Records supplied: Begin

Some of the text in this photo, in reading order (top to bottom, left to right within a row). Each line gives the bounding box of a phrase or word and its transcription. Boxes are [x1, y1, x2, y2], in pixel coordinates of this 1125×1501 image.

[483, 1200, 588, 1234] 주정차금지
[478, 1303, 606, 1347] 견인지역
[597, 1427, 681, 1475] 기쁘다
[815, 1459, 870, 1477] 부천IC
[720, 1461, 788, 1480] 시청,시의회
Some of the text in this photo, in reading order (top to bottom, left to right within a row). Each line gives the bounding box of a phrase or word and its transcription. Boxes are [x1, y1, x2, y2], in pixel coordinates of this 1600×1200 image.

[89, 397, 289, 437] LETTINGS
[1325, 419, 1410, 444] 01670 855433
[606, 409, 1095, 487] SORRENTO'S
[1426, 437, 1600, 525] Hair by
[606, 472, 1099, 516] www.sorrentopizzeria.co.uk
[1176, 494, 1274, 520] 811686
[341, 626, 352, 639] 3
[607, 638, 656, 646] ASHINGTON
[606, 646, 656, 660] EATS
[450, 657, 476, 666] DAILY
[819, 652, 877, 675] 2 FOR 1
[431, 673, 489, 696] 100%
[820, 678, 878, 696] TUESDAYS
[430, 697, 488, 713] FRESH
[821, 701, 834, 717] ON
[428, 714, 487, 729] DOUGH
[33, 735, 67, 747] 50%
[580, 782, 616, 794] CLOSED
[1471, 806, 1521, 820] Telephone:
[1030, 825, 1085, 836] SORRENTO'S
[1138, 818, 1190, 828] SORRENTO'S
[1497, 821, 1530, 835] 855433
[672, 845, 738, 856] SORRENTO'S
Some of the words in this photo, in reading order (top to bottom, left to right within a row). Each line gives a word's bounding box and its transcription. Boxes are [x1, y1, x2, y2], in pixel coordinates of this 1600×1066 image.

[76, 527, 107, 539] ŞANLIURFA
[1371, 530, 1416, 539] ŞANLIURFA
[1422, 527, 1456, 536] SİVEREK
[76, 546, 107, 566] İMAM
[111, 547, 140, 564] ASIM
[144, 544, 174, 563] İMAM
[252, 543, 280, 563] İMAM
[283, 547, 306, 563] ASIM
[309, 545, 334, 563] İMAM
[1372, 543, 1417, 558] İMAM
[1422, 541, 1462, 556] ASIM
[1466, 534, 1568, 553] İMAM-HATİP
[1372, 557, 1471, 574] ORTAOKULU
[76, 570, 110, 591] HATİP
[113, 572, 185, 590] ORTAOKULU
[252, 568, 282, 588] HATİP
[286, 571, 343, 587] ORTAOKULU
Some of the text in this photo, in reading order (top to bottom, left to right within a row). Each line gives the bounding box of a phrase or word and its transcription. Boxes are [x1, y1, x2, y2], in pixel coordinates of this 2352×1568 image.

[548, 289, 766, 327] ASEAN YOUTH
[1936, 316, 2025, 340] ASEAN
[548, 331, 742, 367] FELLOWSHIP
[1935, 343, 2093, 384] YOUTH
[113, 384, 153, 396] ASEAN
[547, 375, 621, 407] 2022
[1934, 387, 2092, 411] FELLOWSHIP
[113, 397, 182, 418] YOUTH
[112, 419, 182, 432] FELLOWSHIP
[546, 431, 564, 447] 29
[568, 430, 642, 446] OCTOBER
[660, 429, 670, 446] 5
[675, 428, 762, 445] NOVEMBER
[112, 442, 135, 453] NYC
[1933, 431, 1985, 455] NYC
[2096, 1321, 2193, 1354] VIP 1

Records supplied: End

* [Task to complete]: The entries shown above should be duplicated exactly.

* [Exercise result]:
Some of the text in this photo, in reading order (top to bottom, left to right within a row). Each line gives the bounding box of a phrase or word and its transcription. Boxes are [x1, y1, x2, y2], in pixel coordinates of this 1125×1501 image.

[483, 1200, 588, 1234] 주정차금지
[478, 1303, 606, 1347] 견인지역
[597, 1427, 681, 1475] 기쁘다
[815, 1459, 870, 1477] 부천IC
[720, 1461, 788, 1480] 시청,시의회
Some of the text in this photo, in reading order (top to bottom, left to right within a row). Each line gives the bounding box of a phrase or word and its transcription. Boxes are [x1, y1, x2, y2], in pixel coordinates of this 1600×1200 image.

[89, 397, 289, 437] LETTINGS
[1325, 419, 1410, 444] 01670 855433
[606, 409, 1095, 487] SORRENTO'S
[1426, 437, 1600, 525] Hair by
[606, 472, 1099, 516] www.sorrentopizzeria.co.uk
[1176, 494, 1274, 520] 811686
[341, 626, 352, 639] 3
[607, 638, 656, 646] ASHINGTON
[606, 646, 656, 660] EATS
[450, 657, 476, 666] DAILY
[819, 652, 877, 675] 2 FOR 1
[431, 673, 489, 696] 100%
[820, 678, 878, 696] TUESDAYS
[430, 697, 488, 713] FRESH
[821, 701, 834, 717] ON
[428, 714, 487, 729] DOUGH
[33, 735, 67, 747] 50%
[580, 782, 616, 794] CLOSED
[1471, 806, 1521, 820] Telephone:
[1030, 825, 1085, 836] SORRENTO'S
[1138, 818, 1190, 828] SORRENTO'S
[1497, 821, 1530, 835] 855433
[672, 845, 738, 856] SORRENTO'S
Some of the words in this photo, in reading order (top to bottom, left to right within a row). Each line gives a word's bounding box and its transcription. Boxes are [x1, y1, x2, y2], in pixel coordinates of this 1600×1066 image.

[76, 527, 107, 539] ŞANLIURFA
[1371, 530, 1416, 539] ŞANLIURFA
[1422, 527, 1456, 536] SİVEREK
[76, 546, 107, 566] İMAM
[111, 547, 140, 564] ASIM
[144, 544, 174, 563] İMAM
[252, 543, 280, 563] İMAM
[283, 547, 306, 563] ASIM
[309, 545, 334, 563] İMAM
[1372, 543, 1417, 558] İMAM
[1422, 541, 1462, 556] ASIM
[1466, 534, 1568, 553] İMAM-HATİP
[1372, 557, 1471, 574] ORTAOKULU
[76, 570, 110, 591] HATİP
[113, 572, 185, 590] ORTAOKULU
[252, 568, 282, 588] HATİP
[286, 571, 343, 587] ORTAOKULU
Some of the text in this photo, in reading order (top to bottom, left to right within a row). Each line gives the bounding box of a phrase or word and its transcription. Boxes are [x1, y1, x2, y2], in pixel coordinates of this 2352×1568 image.

[548, 289, 766, 327] ASEAN YOUTH
[1936, 316, 2025, 340] ASEAN
[548, 331, 742, 367] FELLOWSHIP
[1935, 343, 2093, 384] YOUTH
[113, 384, 153, 396] ASEAN
[547, 375, 621, 407] 2022
[1934, 387, 2092, 411] FELLOWSHIP
[113, 397, 182, 418] YOUTH
[112, 419, 182, 432] FELLOWSHIP
[546, 431, 564, 447] 29
[568, 430, 642, 446] OCTOBER
[660, 429, 670, 446] 5
[675, 428, 762, 445] NOVEMBER
[112, 442, 135, 453] NYC
[1933, 431, 1985, 455] NYC
[2096, 1321, 2193, 1354] VIP 1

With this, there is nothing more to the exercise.